My lips parted to reply. No sound came out. A loud and familiar beat in my chest muted my voice. His. Everyone else’s.
Oh God. Oh no . . .
It always started like this: a pulse inside me, like a warning before the tide surged, roared . . . and froze everything. The bum had raised my beer to his lips; golden drops remained still in the air above his open mouth. The tourists stood paralyzed mid-stride. The children’s grins were empty masks; their legs were coiled, ready for a jump that wasn’t coming, like birds about to fly away. The cars and the buses had stopped. Over the suffocating silence, all I could hear was the blood drumming in my ears, my neck. I staggered back, buried my face in my hands. I didn’t want it anymore—this hideous disease I could tell no one about.
It’d been weeks, perhaps even months since the last time, and like always, I’d almost allowed myself to believe it’d never happen again. How the fuck do you sit down in front of a shrink—or worse, your social worker—and tell them that you’re doing great, except when time stops, and everyone and everything is frozen but you? Don’t worry, though, it’s been like this since I was a kid; I’m used to it. I mean, sure, I freak out a teensy bit when I wake up at night, and I see a drop of water hanging midair from my kitchen faucet, but it’s not as bad as it sounds. Nothing the right kind of meds and a straitjacket can’t fix, right, Doc?
It wouldn’t last. It never did. I massaged my skull and kept my eyes screwed shut, repeating the words in my head like a mantra: It’s almost over. It never lasts. Never. Just long enough to make me freak out in the middle of Central Park among frozen joggers and their dogs. Wax statues everywhere whose clothes wouldn’t wrinkle when I tried to touch them, water that wouldn’t wet my hands, and the silence, the silence drilling into my eardrums. I breathed through my nose. In. Out. Slowly, ticking endless seconds in my head until the hallucination passed.

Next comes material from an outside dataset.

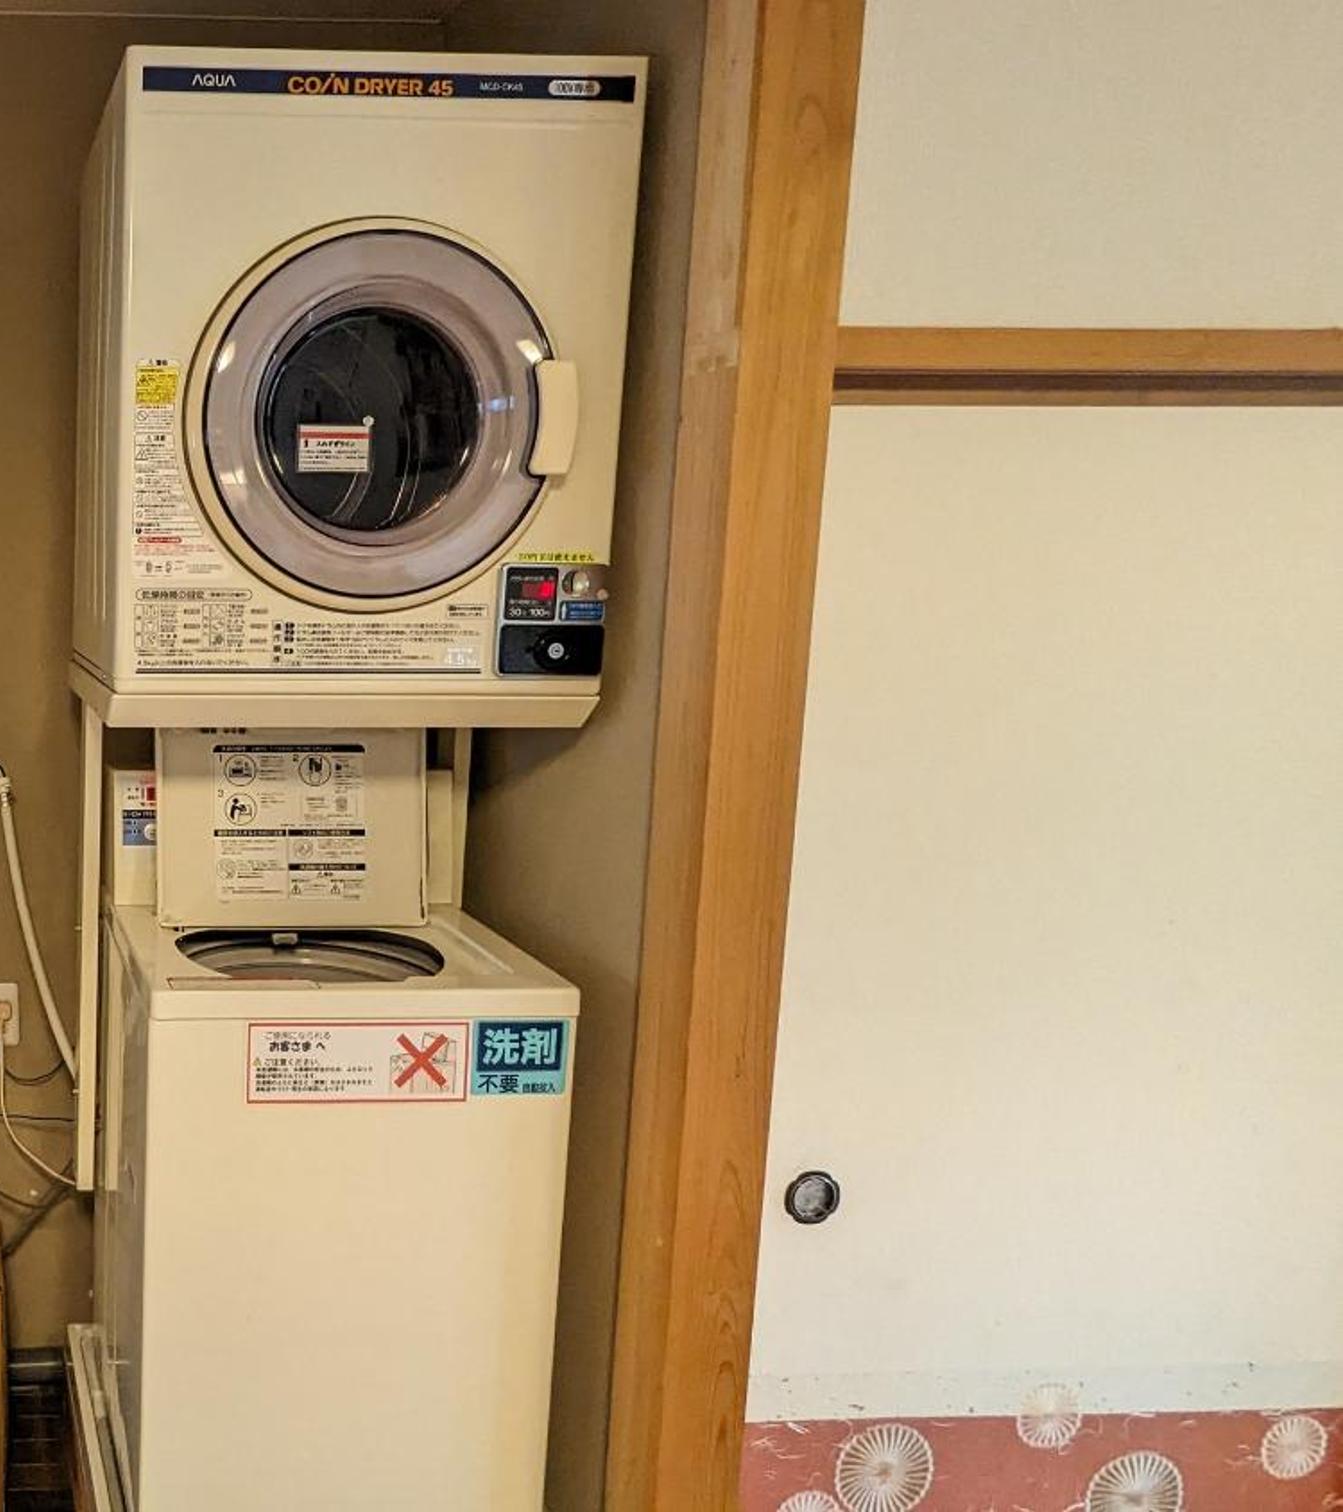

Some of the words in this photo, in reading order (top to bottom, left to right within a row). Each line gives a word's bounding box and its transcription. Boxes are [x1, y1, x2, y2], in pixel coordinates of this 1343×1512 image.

Reality rushed back to me in a deep exhale. A car honked somewhere across the piazza, and the bum chugged down the rest of my can with a reassuring gurgle. A fat kid bumped into me; I was so out of it that I was the one who kept apologizing over and over as I stumbled away from the bench and toward the sidewalk. I needed to get away from the noise, the people. Right now. Scratch tourism; my new plan was to run straight to the guesthouse, check into my room, and stay curled in the dark until tomorrow.

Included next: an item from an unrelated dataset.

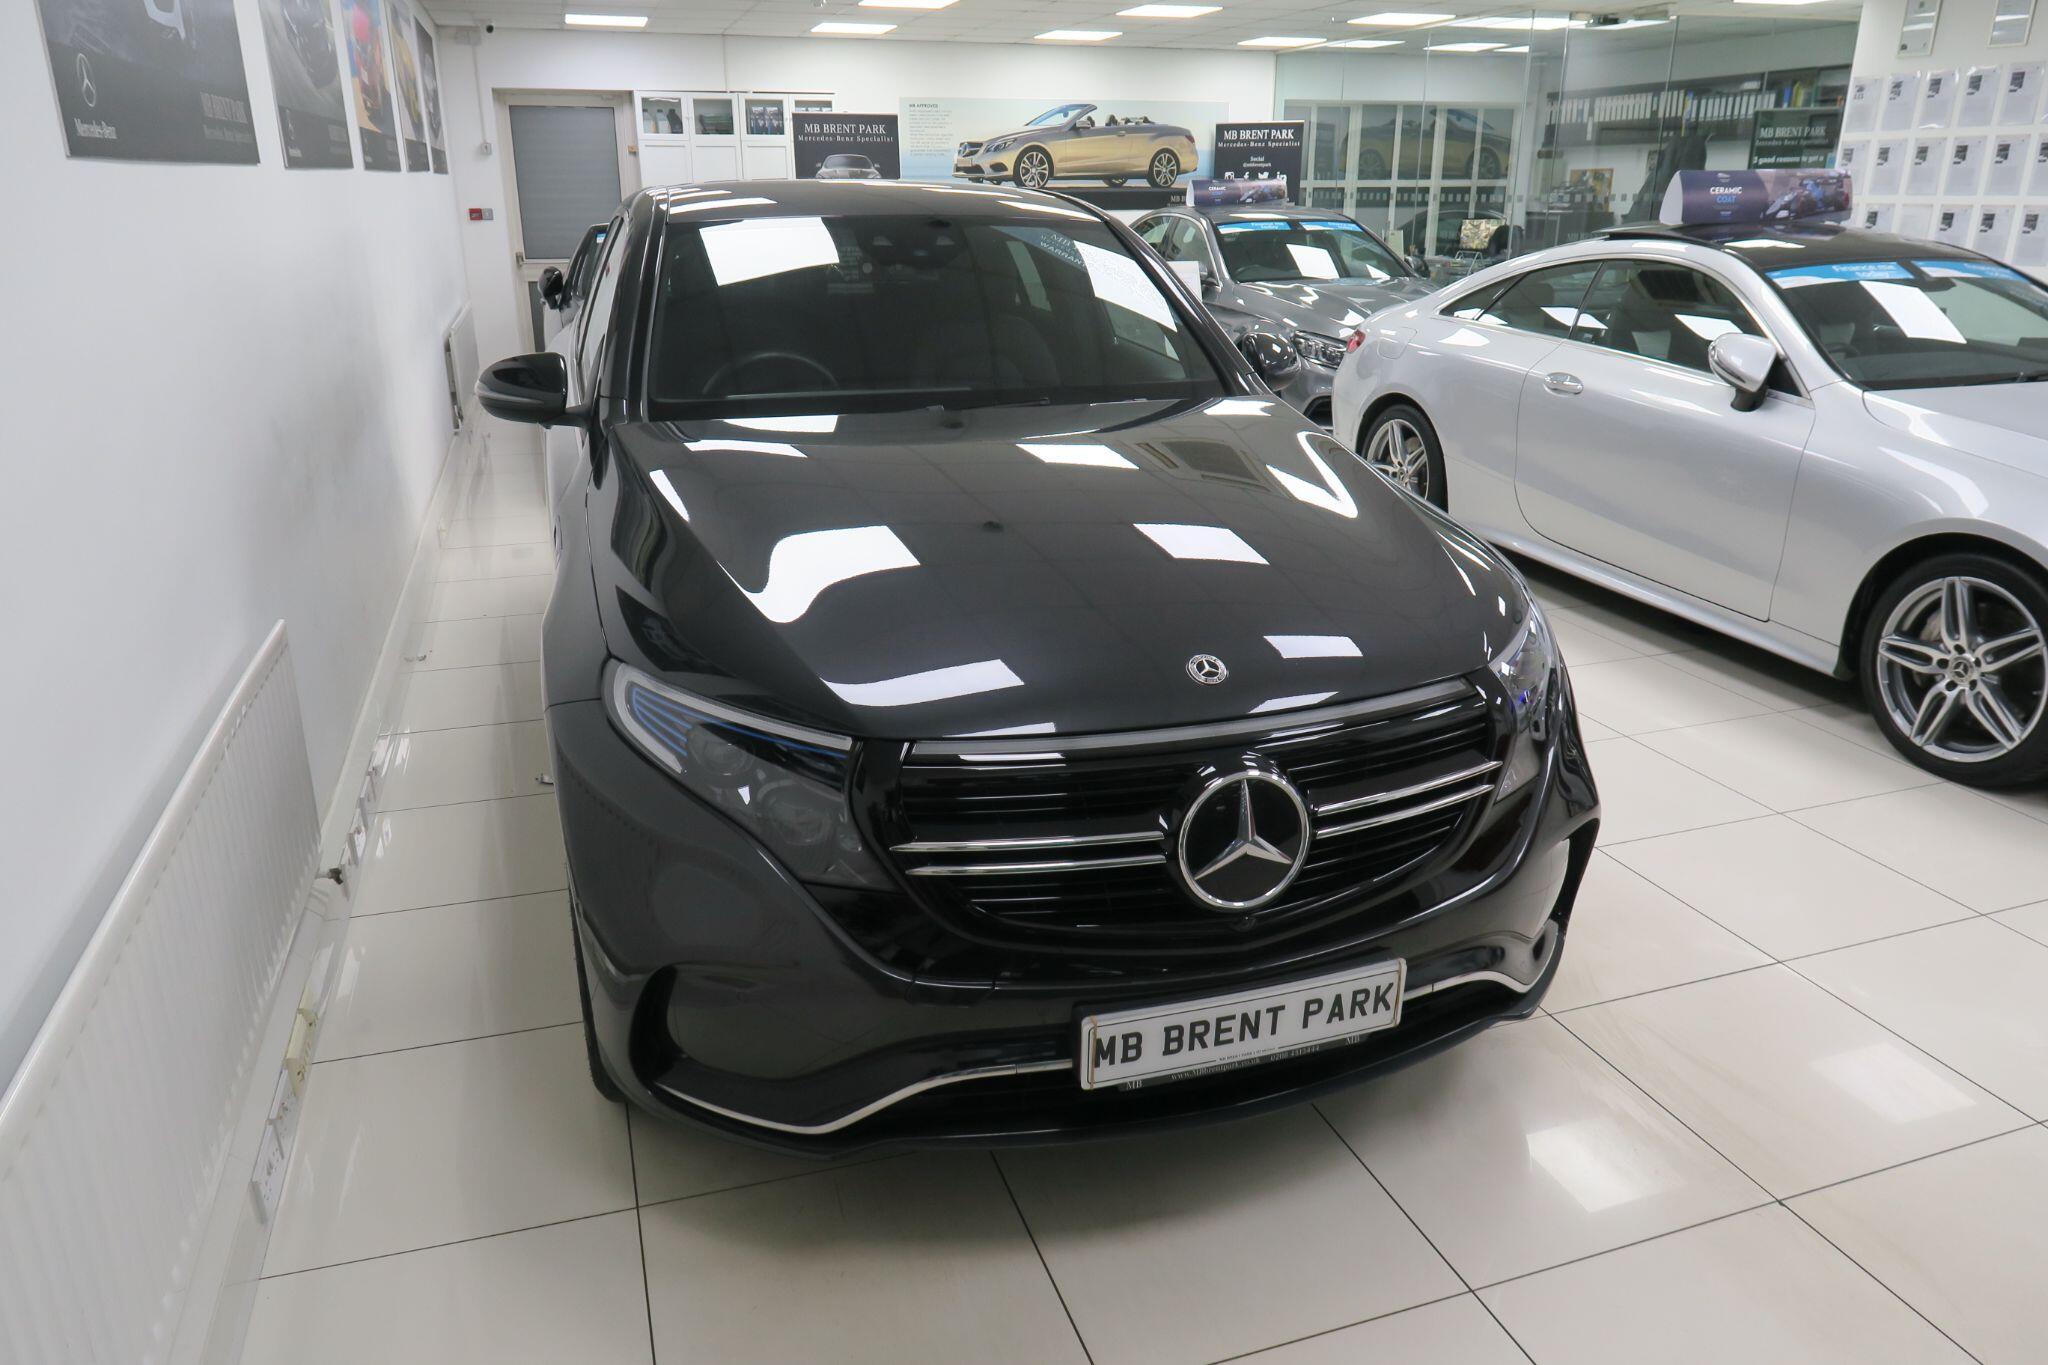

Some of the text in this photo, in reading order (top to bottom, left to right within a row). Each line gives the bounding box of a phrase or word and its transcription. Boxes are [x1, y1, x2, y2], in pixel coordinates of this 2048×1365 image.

Fighting the urge to climb on the first bus I saw, I resolved to ask for directions instead. Because my day hadn’t been shitty enough yet, might as well stack some cringeworthy social interaction in a language I hadn’t spoken in over a decade on top of it. I waved awkward fingers at a sweaty driver who sat slouched behind his wheel. “Quale . . . Autobus . . . Appia Alba?” Which . . . bus . . . Appia Alba?

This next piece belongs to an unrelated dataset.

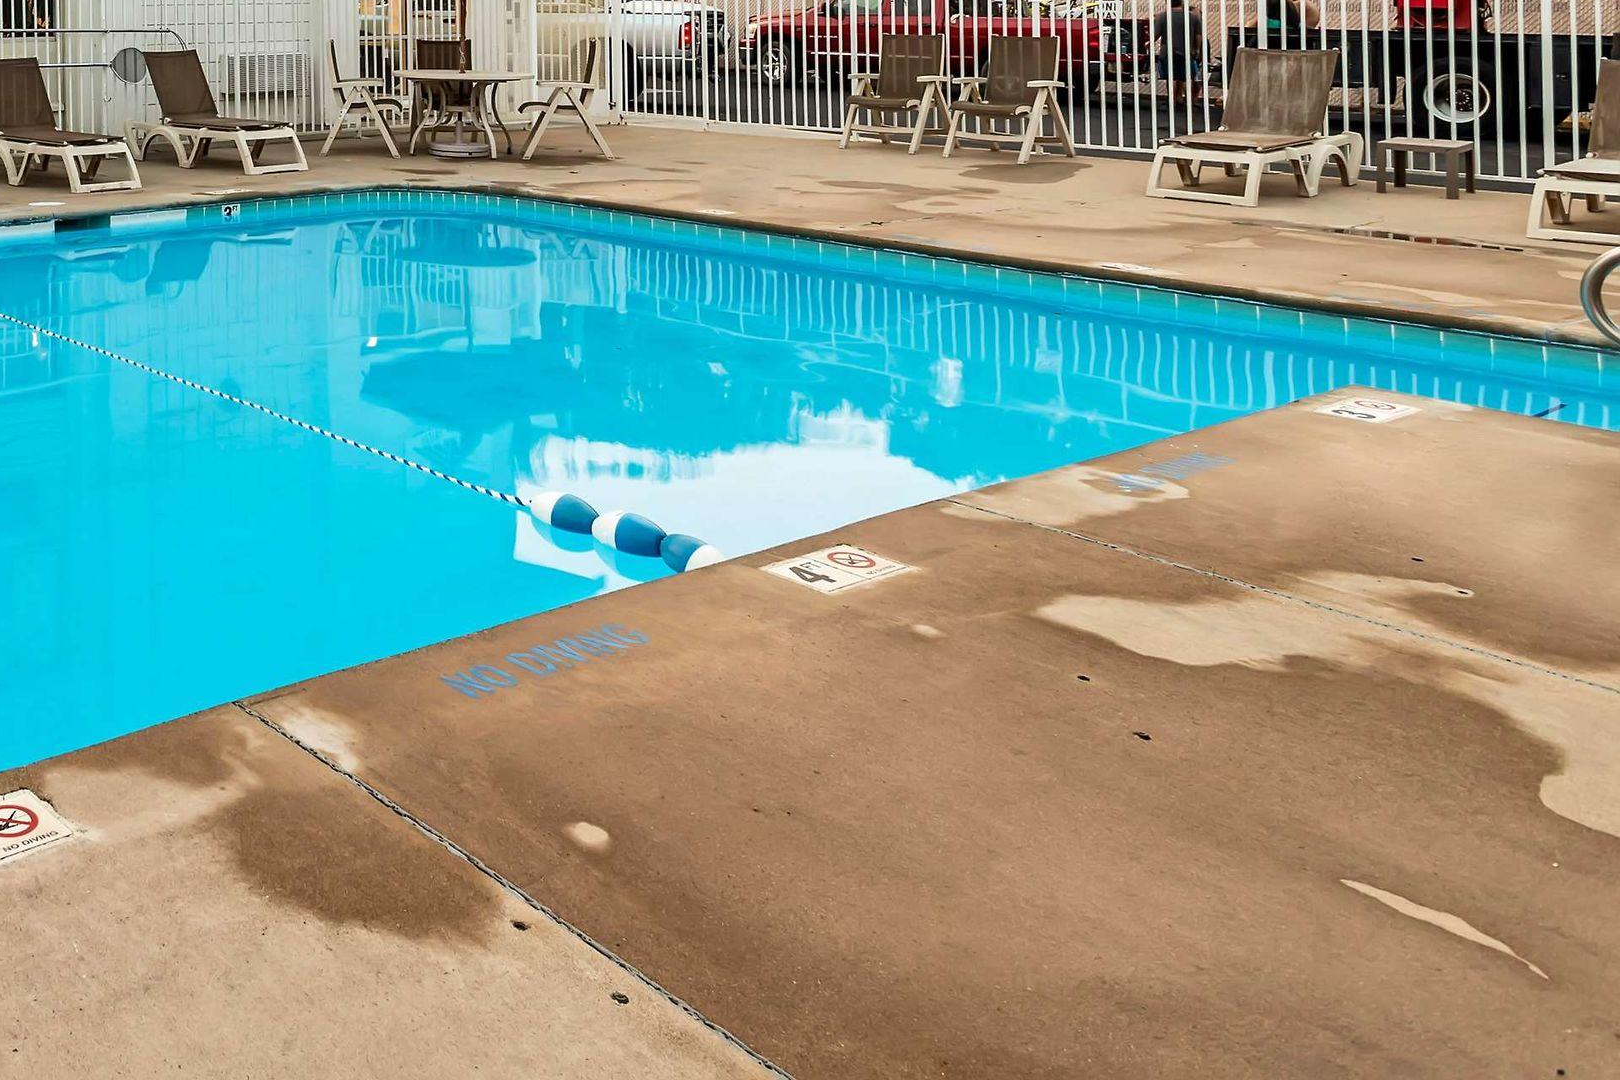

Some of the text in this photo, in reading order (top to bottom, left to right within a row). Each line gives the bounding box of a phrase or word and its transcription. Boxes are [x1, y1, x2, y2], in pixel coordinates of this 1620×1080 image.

[789, 566, 836, 583] 4
[439, 623, 650, 700] NO DIVING
[2, 831, 59, 852] NO DIVING

My stuttering efforts were rewarded with a compassionate wince before he motioned at another station across the park with a doughy arm. “Può prendere l’ottantasette.” I remained stuck in place, my jaw hanging limply as I slowly processed his instructions. “Ottantasette,” he repeated, before thankfully adding, “Eighty-seven.”
I gave an eager nod. “Grazie mille, signore.” Thank you very much, sir.
Well, things were looking up. If the bus didn’t freeze on its way to my guesthouse, I might even consider the trip a small victory. I strode toward the station at a brisk pace, passing the bum I’d given my beer to earlier. Dude had collapsed on the bench, using his cardboard sign to shield his leathery face from the sun while he napped. I thought of that old Phil Collins song: “Just Another Day in Paradise,” but I wasn’t really sad for him because I knew there were good and bad days on the streets, and to him, a sunny afternoon and free beer probably made for a good one.
Lost in my own thoughts, I didn’t pay attention to the elegant silhouette catching up with me until a soft voice said, “Em? Is that you?”